Perfectly placed in the center of the desk, next to the keyboard, is a single black envelope, on heavy cardstock. Written on it in elegant, precise silver calligraphy: Nyx .

Luca watches me open the envelope. Inside, a single sheet.

A memo: Malakov Asset Neutralization . I can hear Svetlana's voice in my head dictating all the guidelines and rules listed in mechanical black ink.

Intelligence extraction, psychological warfare, leaking, disposal. It's my first work order.

I lower the paper. I face Luca, who is still standing near the door, tense, waiting to see if any instructions will come. I give him one.

"I need Sal," I say. "Have new hands grown on him yet?"

Luca ignores my wisecrack. "I don't have authorization to move the prisoner. I need to confirm with the boss."

"Then confirm."

My insubordination clearly annoys him, but the order came from me, the new whatever-I-am. He pulls his phone from his suit pocket and types a message, no doubt to Dante.

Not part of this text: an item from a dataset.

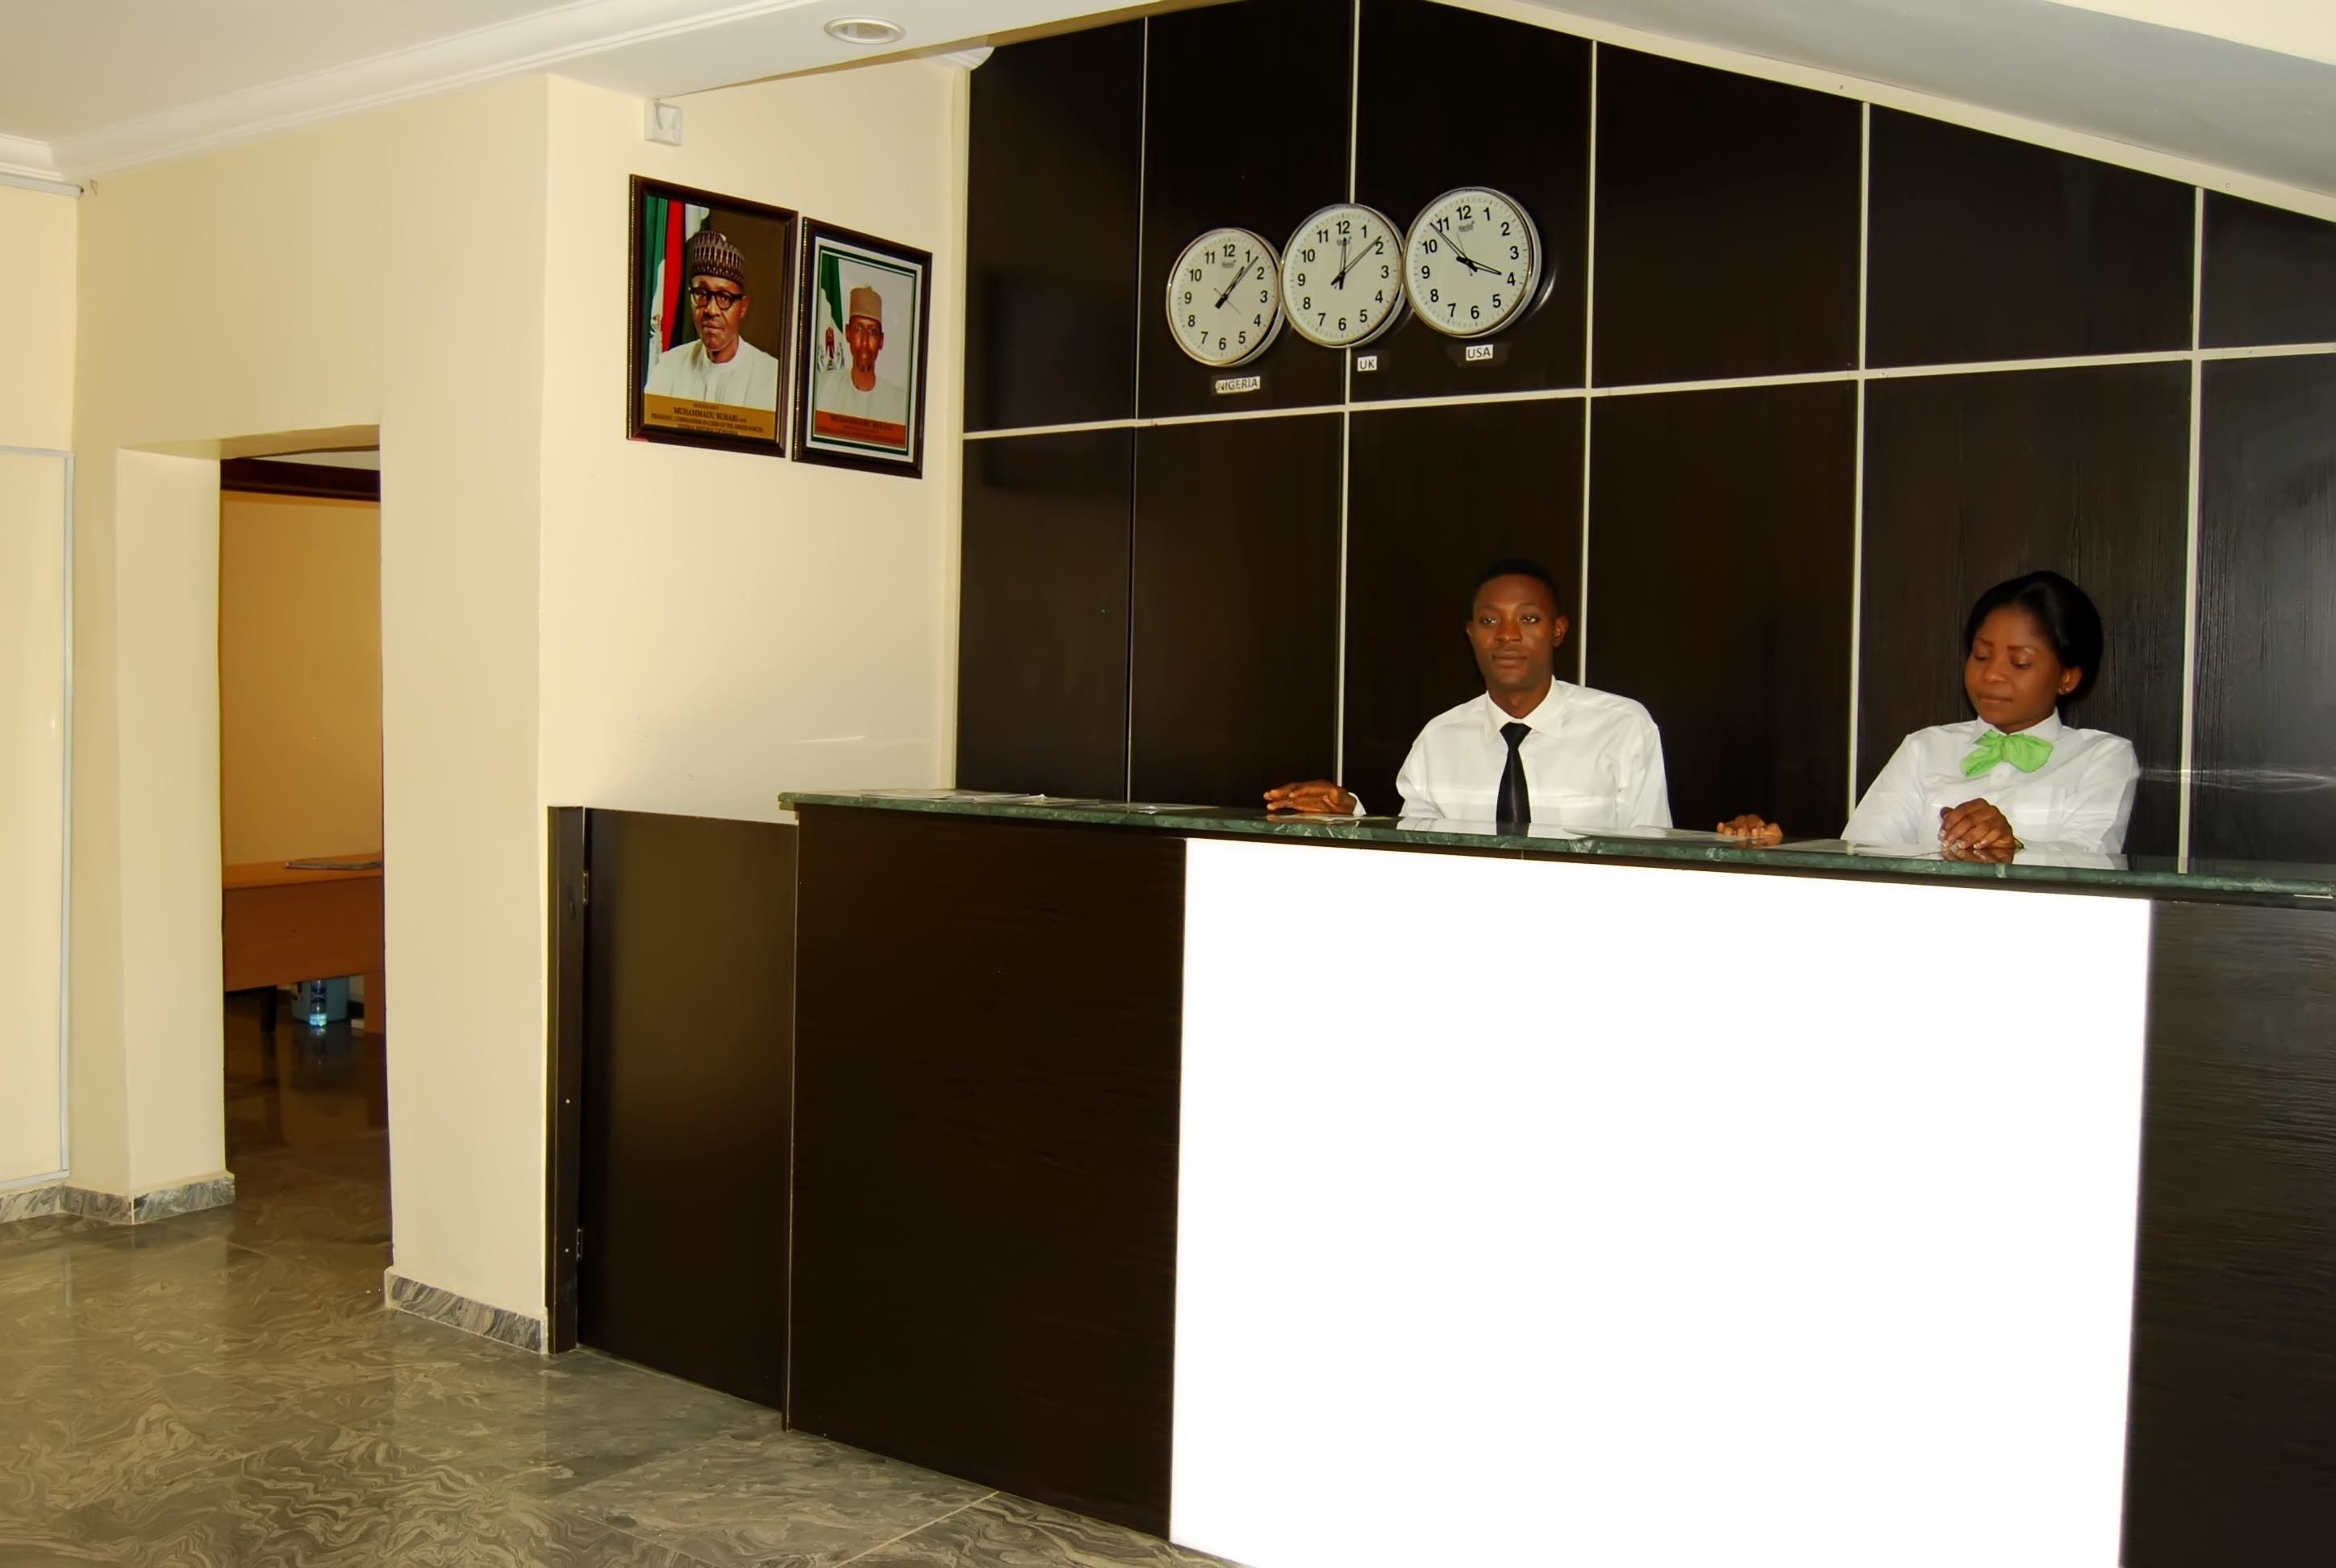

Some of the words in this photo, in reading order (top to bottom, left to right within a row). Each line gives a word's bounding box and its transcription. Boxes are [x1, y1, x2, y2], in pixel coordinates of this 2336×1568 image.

"Mr. Dmitry also instructed me to collect your service contract," he says, peeking at me before returning to his phone.

I look at the envelope, then at him. Contract. The paper with numbers. I left it exactly where I found it in that hotel room.

"I didn't sign."

Luca stops typing. "Pardon?"

"It would be fiscally irresponsible of me. Svetlana would be horrified by the inefficiency of allocating such a resource to an asset that doesn't use it. It's bad business."

Luca stares at me for a long time. He's trying to understand the logic of it. My only expenses were rent, frozen food, and internet. Dante is giving me an entire life now.

His phone screen flashes. He stares at it. He frowns, clears his throat, and says, "I'll bring the prisoner."

I smile and watch him go.

I'm alone.

Or almost.

His presence lingers. It clings to the walls. To the scent of leather. To the weight of the furniture.

I wanted him to be the one to bring me here, introducing me to every space in this suite, giving me his orders to eat and sleep properly.

I allow myself to drown in the scent.

I miss him.

Dmitry is the Volkov who talks in my ear the most. Funny, because I thought it would be his brother. Or I wanted it to be.

Since I've been locked in here, Dante hasn't shown up.

Not even to scold me for talking to Nicole.

I've already asked Luca. He tells me nothing.

The most I get from the Volkovs is in daily meetings with Svetlana and Dmitry through a secure channel.

Svetlana stays for a short time, gives information, and leaves.

She's efficient, doesn't like to waste time.

Dmitry is a bit more cordial, and he's the one who discusses the best paths with me.

He's a perfectionist, pragmatic, doesn't mind me calling him by his first name, and sometimes laughs at the jokes I make about Sal's hands, who is the ghost in the basement.

By Dante's orders, Luca doesn't leave me alone with our prisoner.

I find it funny, because Sal has been reduced to a man who doesn't even have tears or autonomy—a prisoner in every sense of the word.

He is thin, weak, always tied to some chair, and definitely doesn't find my jokes funny.

Where his hands once were are now bandaged stumps that need changing a few times a day.

He doesn't see me as a guardian angel, doesn't thank me for saving his life. He wishes Dante had killed him.